Паренька лихорадит. Подкрепив его прикосновением гармонии, Доррин вручает снадобье матери.
— На завтрак и ужин добавляй по две щепотки порошка в чашку с чем-нибудь горячим. Это поможет сбить жар.
— Спасибо, целитель. После каждой встречи с тобой ему становится получше, только вот ненадолго.
— Я делаю что могу.
Женщина вручает ему медяк, и он не отказывается, поскольку намерен передать монету Рилле. А та пытается уговорить больную старуху принять лекарство:
— Герд, тебе нужно это выпить.
— Так ведь гадость же, Рилла. Воняет, как гнилая рыбья требуха, а то и похуже.
— Да это же сидр с сиропом, тут и порошка-то чуть-чуть.
Герд подносит чашку ко рту, но тут же ставит обратно.
— Чуть-чуть, а воняет, как из выгребной ямы.
— Хочешь окочуриться, так и пожалуйста, — рявкает Рилла. — Жалко только, что я зря перевела ценное снадобье на такую дуреху!
— Да выпью я эту гадость, — ворчит больная. — Выпить выпью, но любить ее вовсе не обязана, — она залпом опустошает чашку и морщится.
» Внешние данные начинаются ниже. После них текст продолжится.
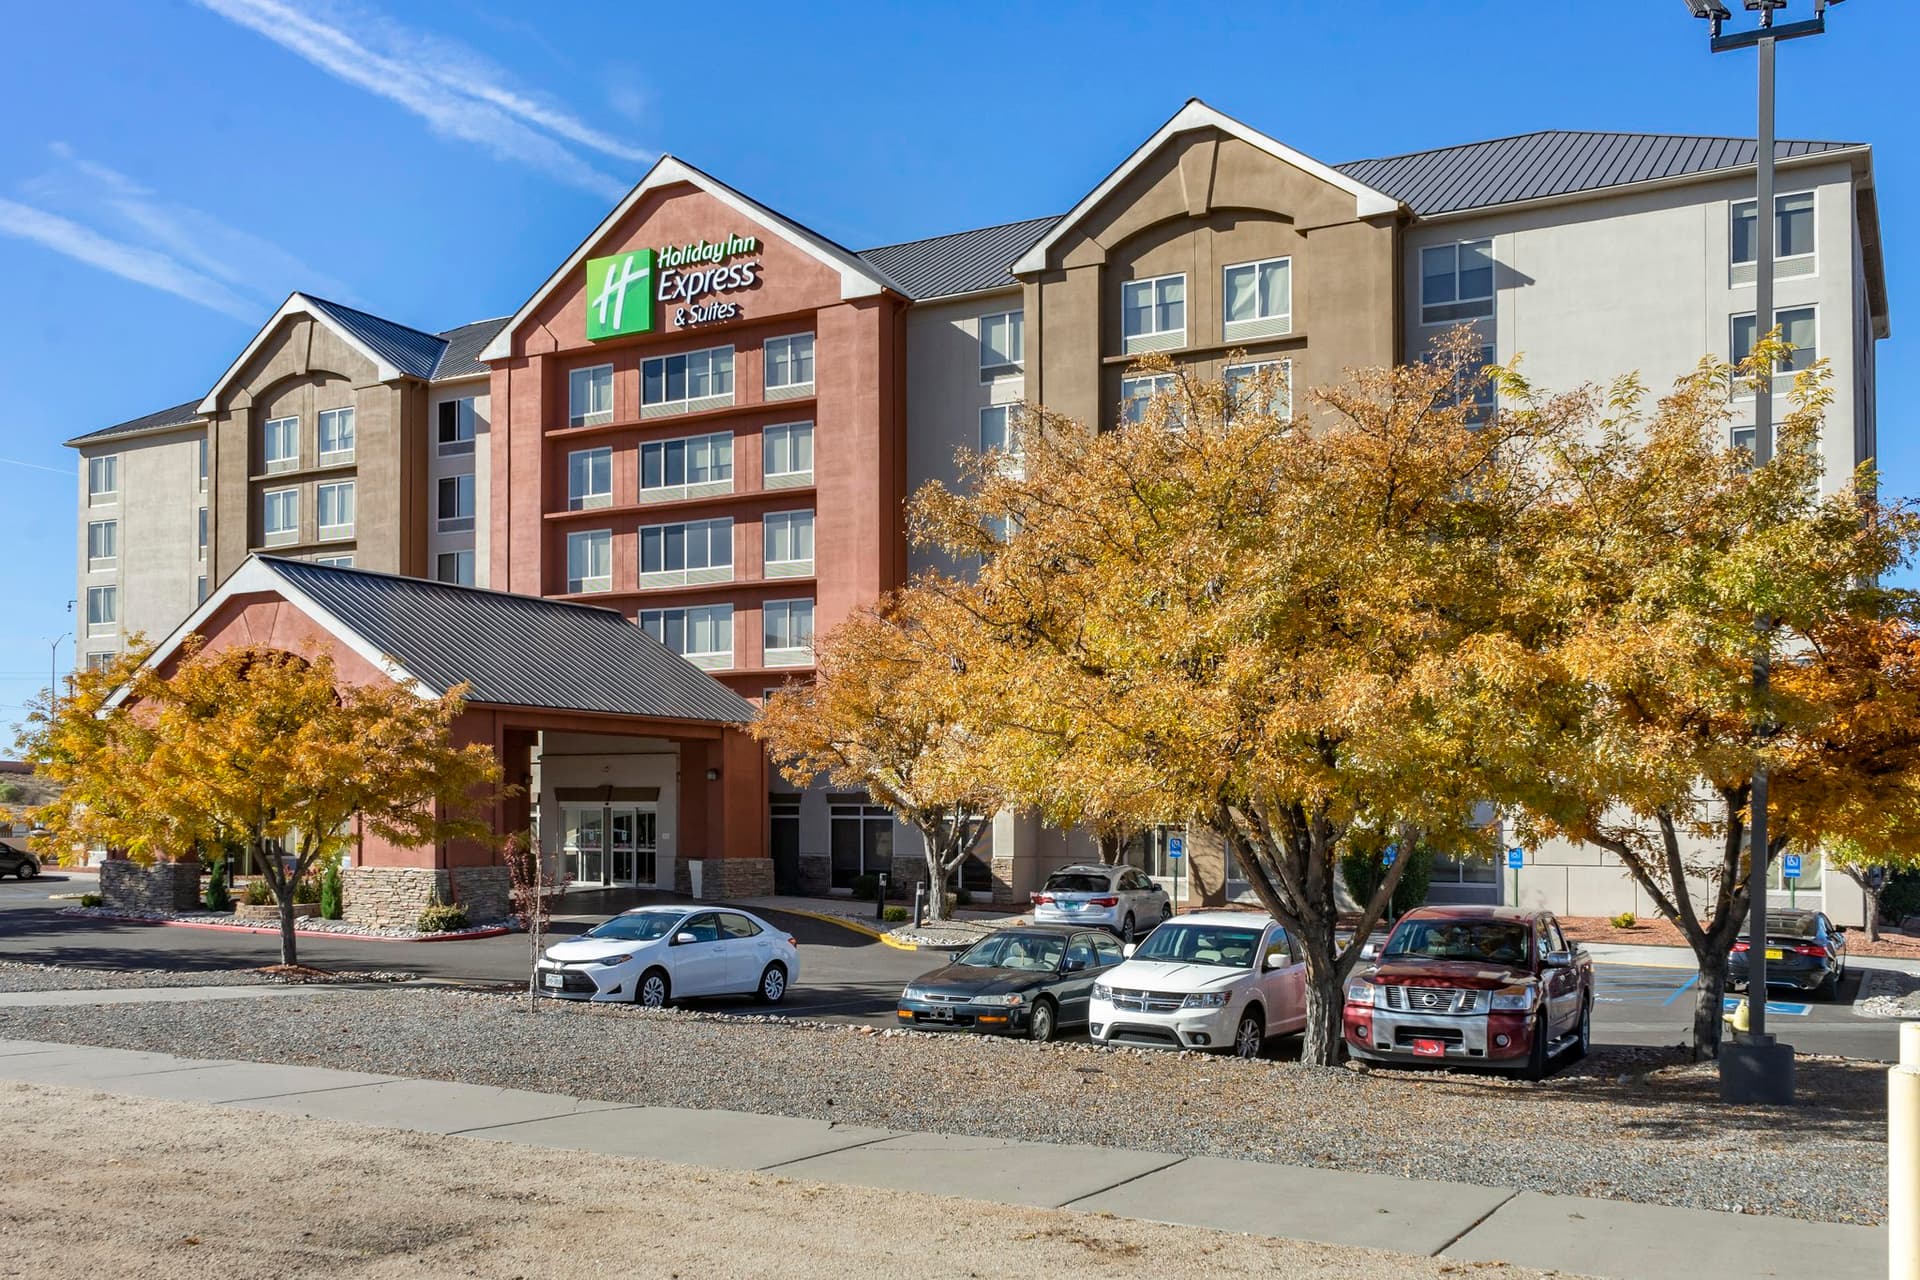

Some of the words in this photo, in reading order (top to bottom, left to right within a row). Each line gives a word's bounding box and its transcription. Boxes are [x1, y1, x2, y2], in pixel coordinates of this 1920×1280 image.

Доррин ее прекрасно понимает. Бринн — действенное средство против вздутия живота, но его горечь ни сидром, ни сиропом не перебить.
— Скоро тебе полегчает, — заверяет Рилла, вручая женщине крошечный матерчатый квадратик. — На ночь залей этот мешочек чем-нибудь горячим и выпей.
— Обязательно?
— Вовсе нет. Можешь ничего не пить и спокойно ждать, пока у тебя кишки наизнанку не вывернет. Только боюсь, ты тогда и до меня доползти не сможешь.
— Ох, Рилла, больно уж ты строга.
Целительница фыркает.
Когда и эта больная, завернувшись в плащ, выходит за дверь на холод, Рилла поворачивается к Доррину.
— Незачем тебе было сюда являться, — повторяет она. — А ну-ка брысь! Надевай куртку и дуй в свою кузницу. У тебя своих дел по горло.
— Я прихожу сюда не потому, что делаю тебе одолжение, — возражает Доррин. — Понимаешь, как ни крути, но моя помощь Бриду оборачивается гибелью людей. Исцеляя других, я, хотя бы отчасти, восстанавливаю Равновесие.
— Так уж устроен мир, — качает головой целительница. — Иногда убийство нельзя остановить ничем, кроме убийства. Но так или иначе, на сегодня у нас здесь все, и ты можешь отправляться домой.
— Я пытаюсь найти новый, лучший способ...
— Ага... Вот еще одна закавыка.
Доррин, уже натягивая куртку, бросает на нее вопросительный взгляд.
— Новый способ вовсе не обязательно лучший.
— Ты говоришь совсем как мой отец.
— Тогда добавлю, — смеется Рилла, — что про старые способы можно сказать то же самое. Одни привержены старине, других тянет на новизну, а чтобы суметь отобрать по-настоящему лучшее и из старого, и из нового, нужны и мудрость, и сила духа. Ладно, брысь. Мне не сможем сказать, плоха или хороша твоя машина, пока ты ее не закончишь, а ты едва ли закончишь ее, ежели будешь точить тут лясы со старой целительницей.
Уже подходя к своей кузнице, Доррин вновь вспоминает ее слова и ухмыляется. Пожалуй, некоторые высказывания Риллы стоят того, чтобы занести их в тетрадь, где собраны его мысли о хаосе и гармонии.
Маг с окладистой бородой рассматривает лежащий на столе развернутый пергамент. Рядом крошево голубого воска — то, что осталось от сломанной печати.